The only problem had been a confusion over time. The head wrangler, a twenty-year-old named Tracy, with the short hair, fresh, boyish face, and narrow, athletic hips of a youngster who lived for horses, had thought they were due back at the lodge at eleven. When she was told that the sessions began at ten, she had proposed a shortcut.
After twenty minutes of easy riding they came to it. On the way out to breakfast they had turned away from the bank of the stream in a wide arc to avoid this brief stretch of poorly maintained trail that climbed and skirted the flank of a rocky grade at the edge of the water. That was for more advanced riders, Tracy had told them, but now they would save half an hour by taking it.

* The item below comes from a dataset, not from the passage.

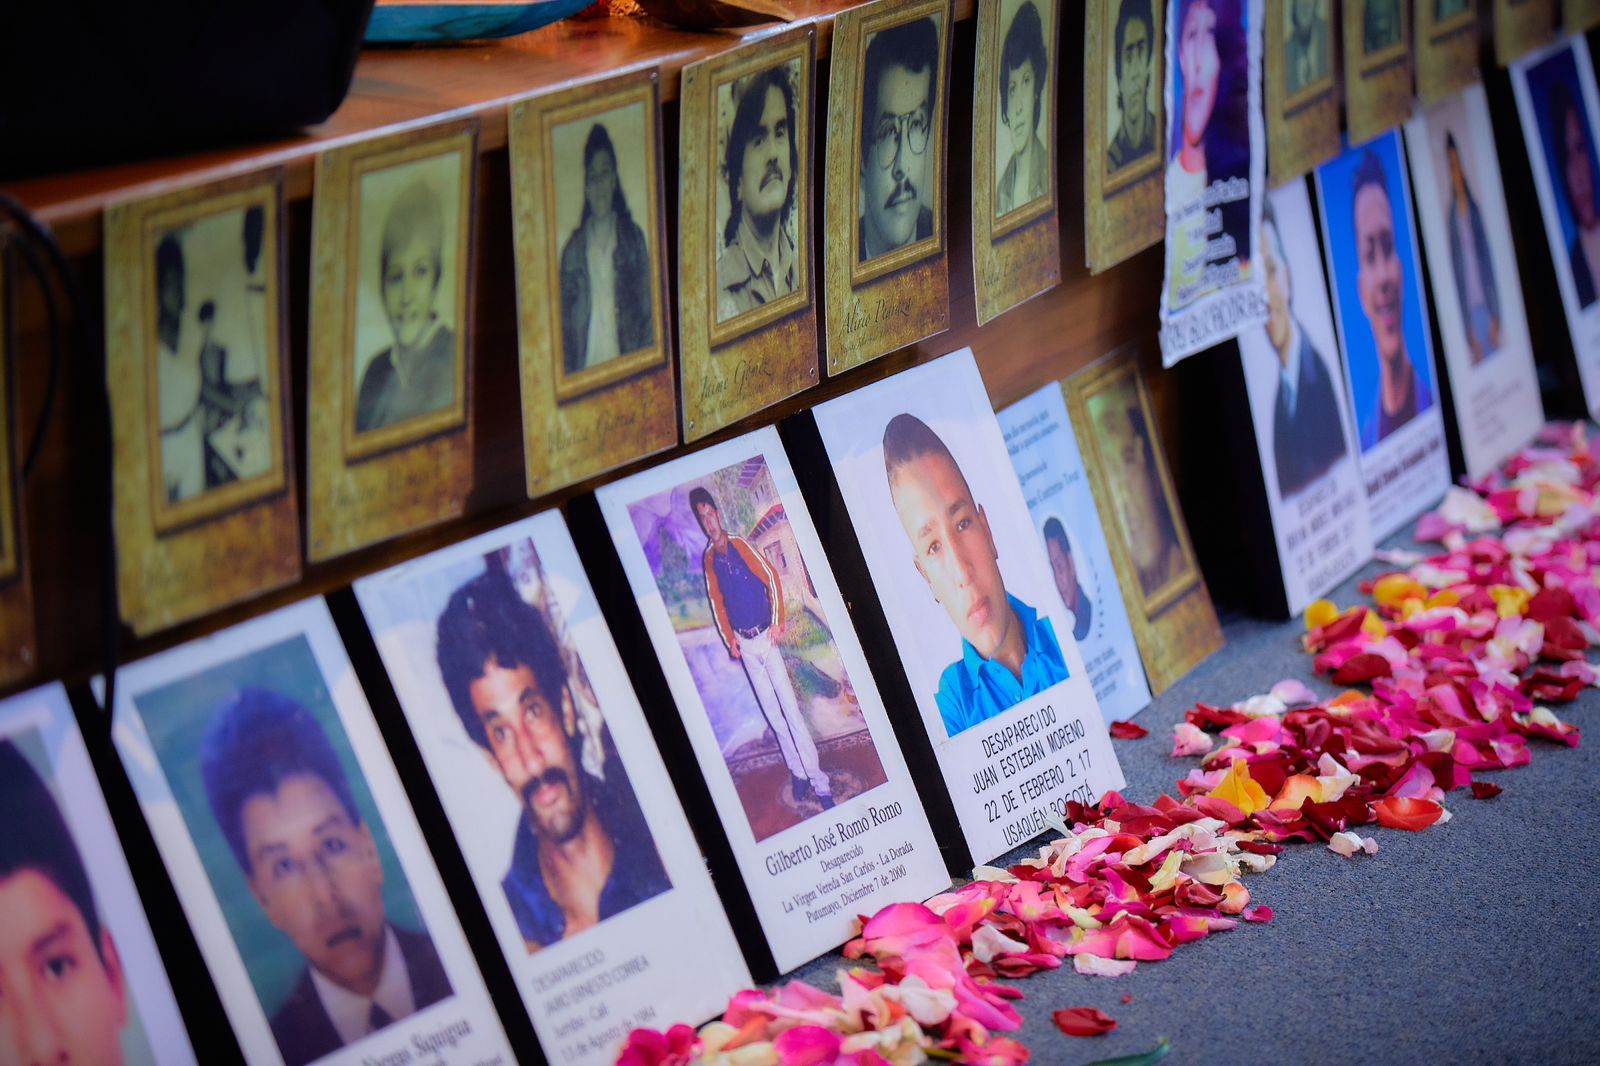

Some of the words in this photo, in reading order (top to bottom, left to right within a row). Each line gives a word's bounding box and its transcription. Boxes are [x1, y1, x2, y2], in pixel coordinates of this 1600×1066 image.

She called a halt before they started up the grade. “It's not really dangerous,” she told them from horseback. “It just looks that way if you're not used to it. Just give your horse its head. They know they're going home, and they know how to get there. Let's go. Oh,” she said as she started up again, “and don't let them know you're nervous.'
'It's a little late for that,” Gideon said half aloud. Earlier, on the ride out, his horse, a placid, good-natured brown mare named Rosebud, had stopped to nibble at the trailside grasses whenever the fancy took her. Twice she'd stopped to doze, ignoring his coaxing. Julie, a competent, confident rider, had had to dismount to help him get her going again. “She's just a thousand pounds of muscle trying to figure out what you want,” she had told him. “You have to let her know who's boss, that's all.'
'Don't worry,” Gideon had said, “she already knows.'
Loose rocks now made the footing going up the grade unstable, and several times the horses slipped, bringing a few sudden intakes of breath from the less self-possessed riders, Gideon included. But only Callie's horse gave anything like trouble, skittering abruptly sidewise at one point so that Callie's leg barely missed scraping heavily against a tree trunk. Callie, who hadn't looked very comfortable on a horse to begin with, laughed it off, but seemed shakier and more tentative than ever in the saddle.
At the top of the grade Tracy called for their attention again.